Maria Johanna Francisca Renée "Noni" Lichtveld (3 May 1929 - 16 August 2017) was a Dutch-Surinamese author, illustrator and scenic designer.

== Biography ==
Lichtveld was the second daughter of the Surinamese author Lou Lichtveld (also known as "Albert Helman") and Dutch author Leni Mengelberg. The family lived near Barcelona from 1932 to October 1936, when Mengelberg returned to the Netherlands with the children because of her husband's infidelity and the outbreak of the Spanish Civil War. Her mother remarried with architect Benjamin Merkelbach in 1940.
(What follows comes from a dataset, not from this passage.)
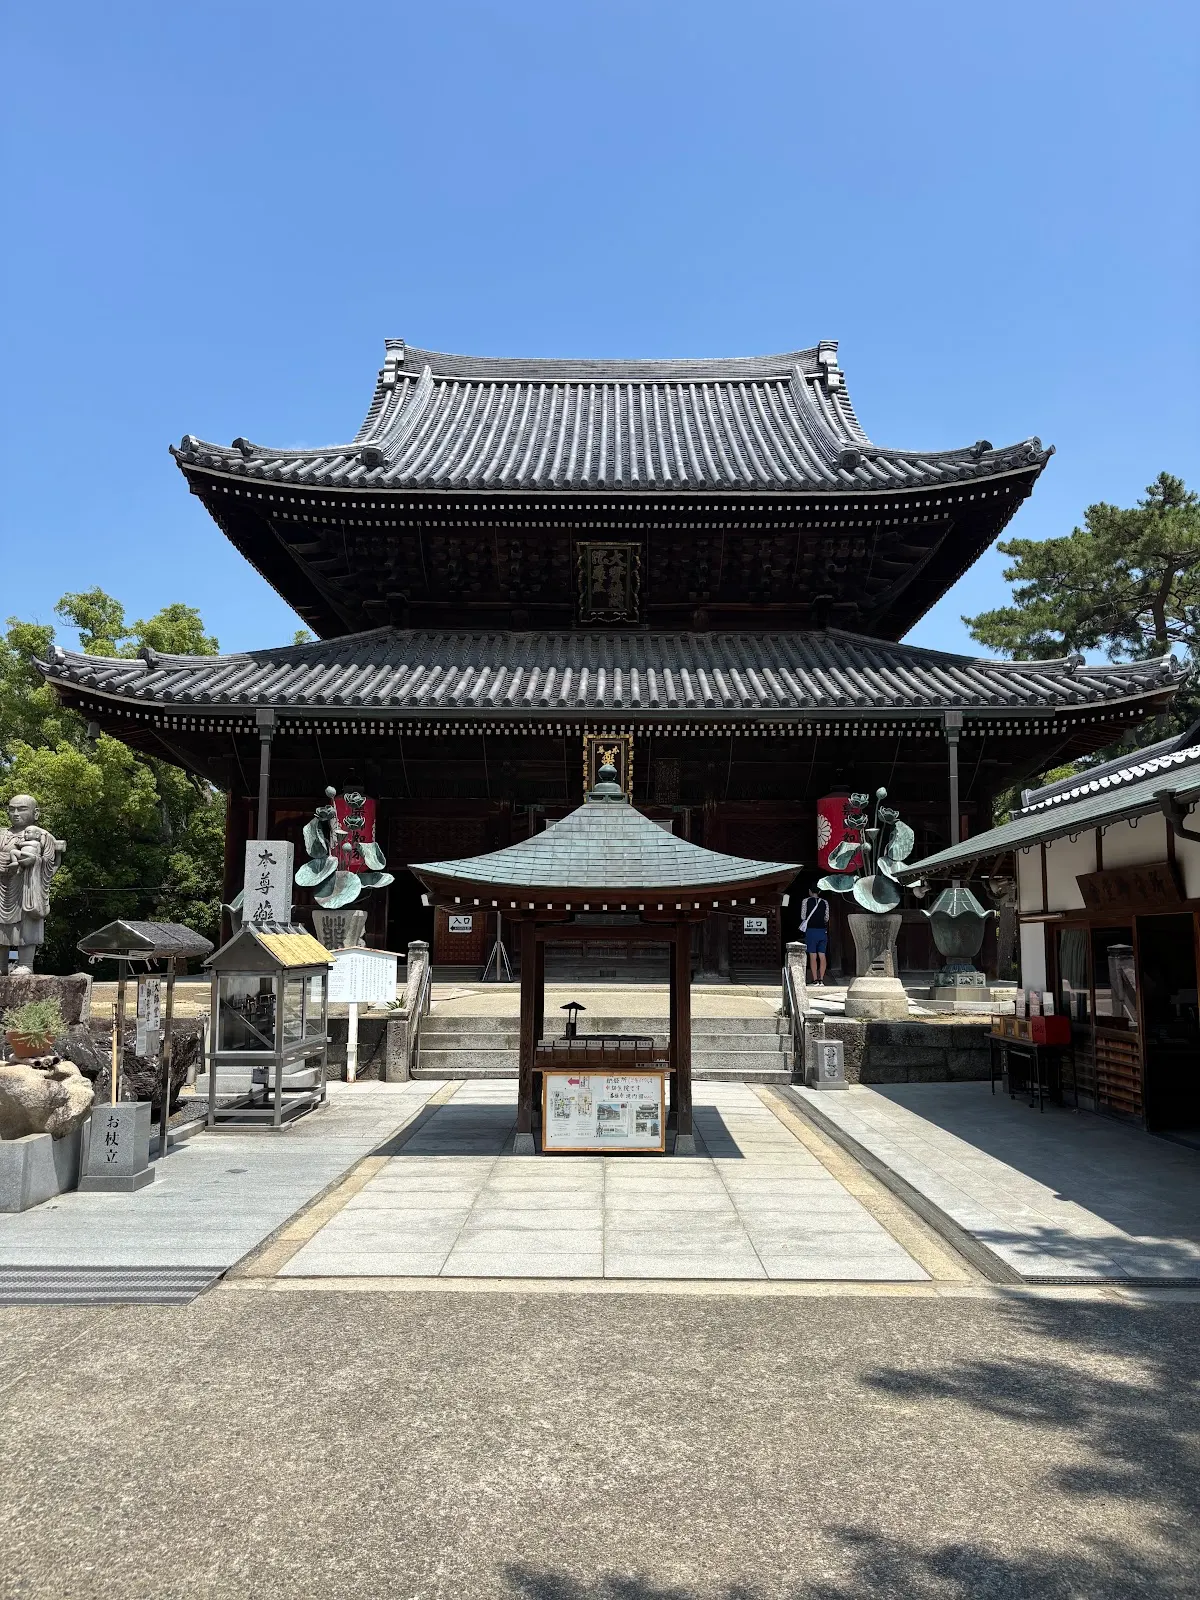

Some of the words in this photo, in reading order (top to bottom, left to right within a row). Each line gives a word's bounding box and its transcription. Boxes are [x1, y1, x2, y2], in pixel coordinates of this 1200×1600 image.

[746, 919, 763, 928] 出口
[104, 1115, 120, 1164] お杖立
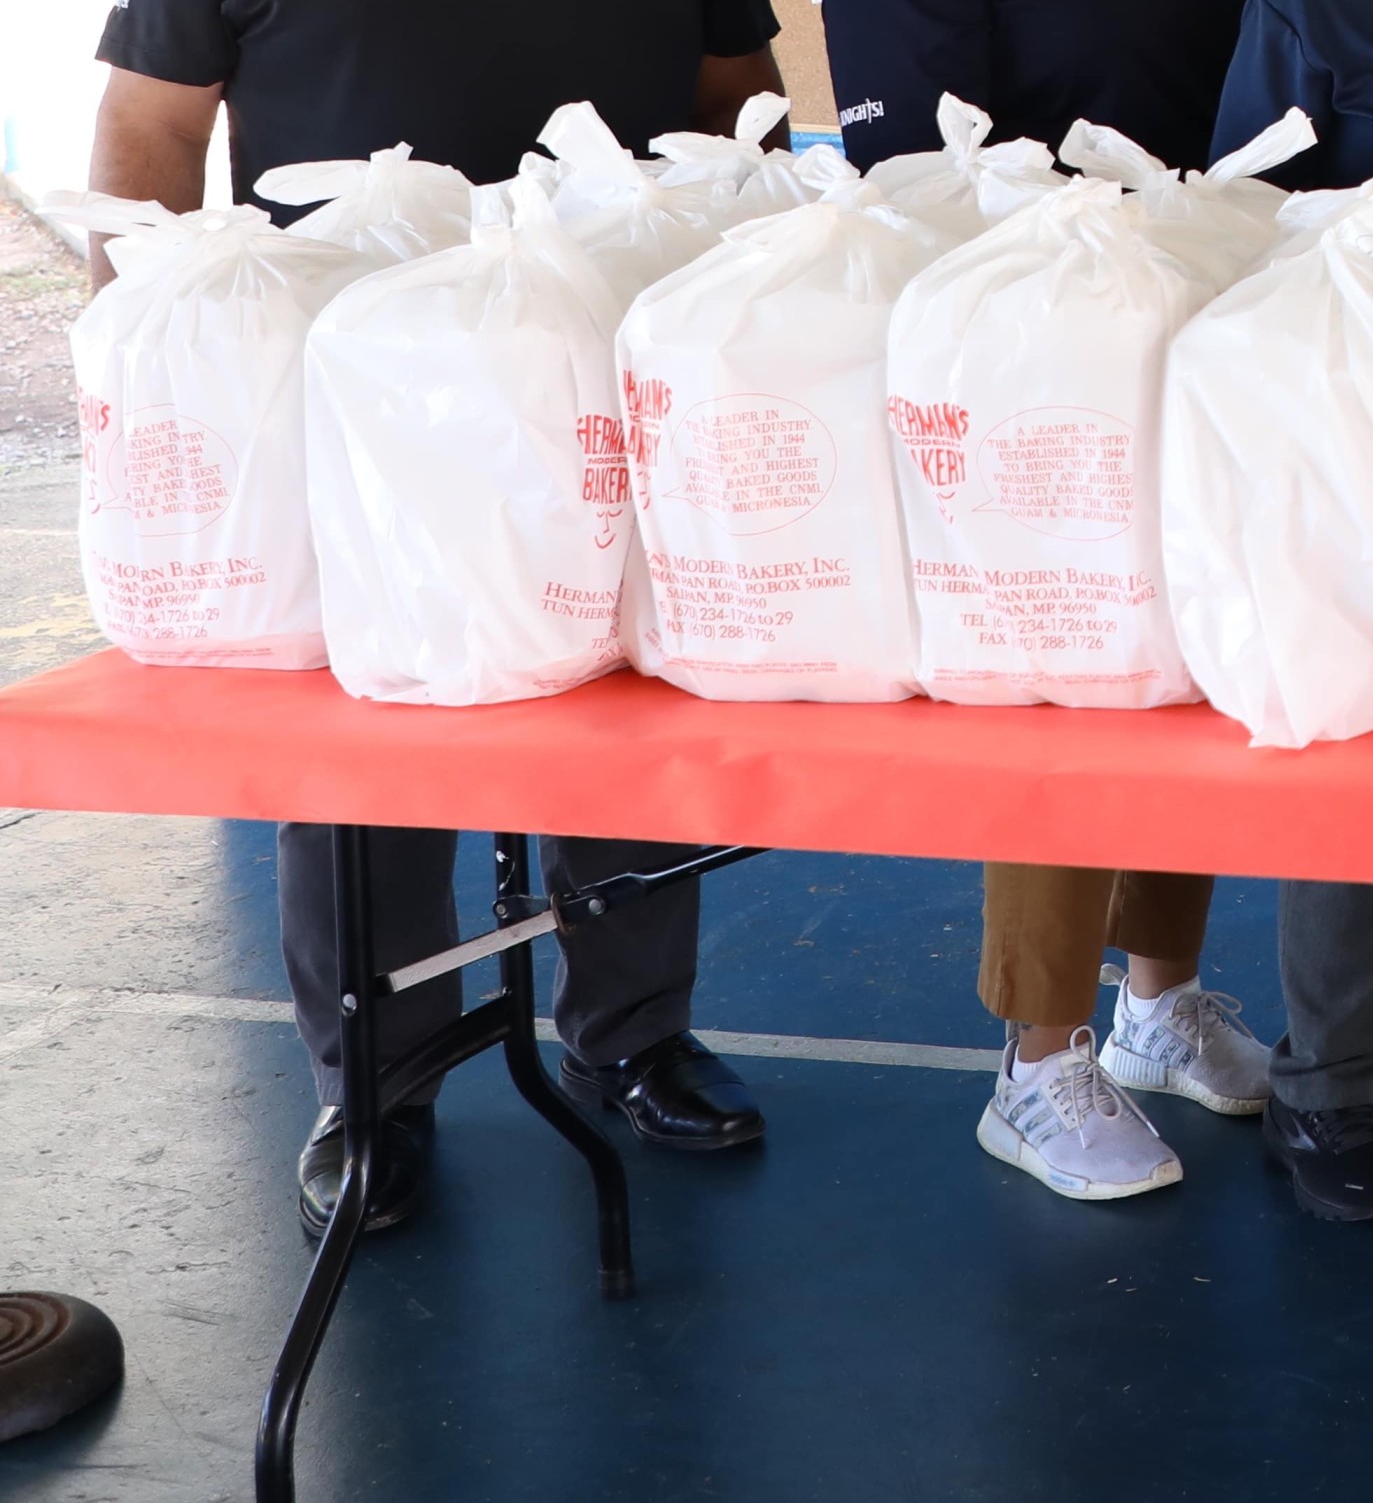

Lichtveld attended drawing training at the Rietveld Academy and studied at the French trade union of scenic designers, Syndicat des Décorateurs de Théatre in Paris. After her study, she provided the sets for many Dutch theater companies and worked with theater greats such as Erwin Piscator and Sonia Gaskell.

In addition to sets, she made murals and illustrations and covers for children's books, both in Suriname and the Netherlands. A wall mosaic of hers can be seen in Huize Frankendael from 1957, the year that her stepfather, as city architect of Amsterdam, received it as an official residence.

From 1958 to 1964, Lichtveld lived with her husband, actor and director Ton Verwey, in Suriname when he was sent there by the Foundation for Cultural Cooperation. There, in 1960, she and Wilfred Teixeira were the first teachers of a series of courses leading to the founding of the School of Dramatic Art on April 23, 1965.

Lichtveld made her writing debut in 1984 with the children's book Anansi. De spin weeft zich een web om de wereld ("Anansi. The spider weaves a web around the world"). For this collection of short stories she received the Dutch award Vlag en Wimpel.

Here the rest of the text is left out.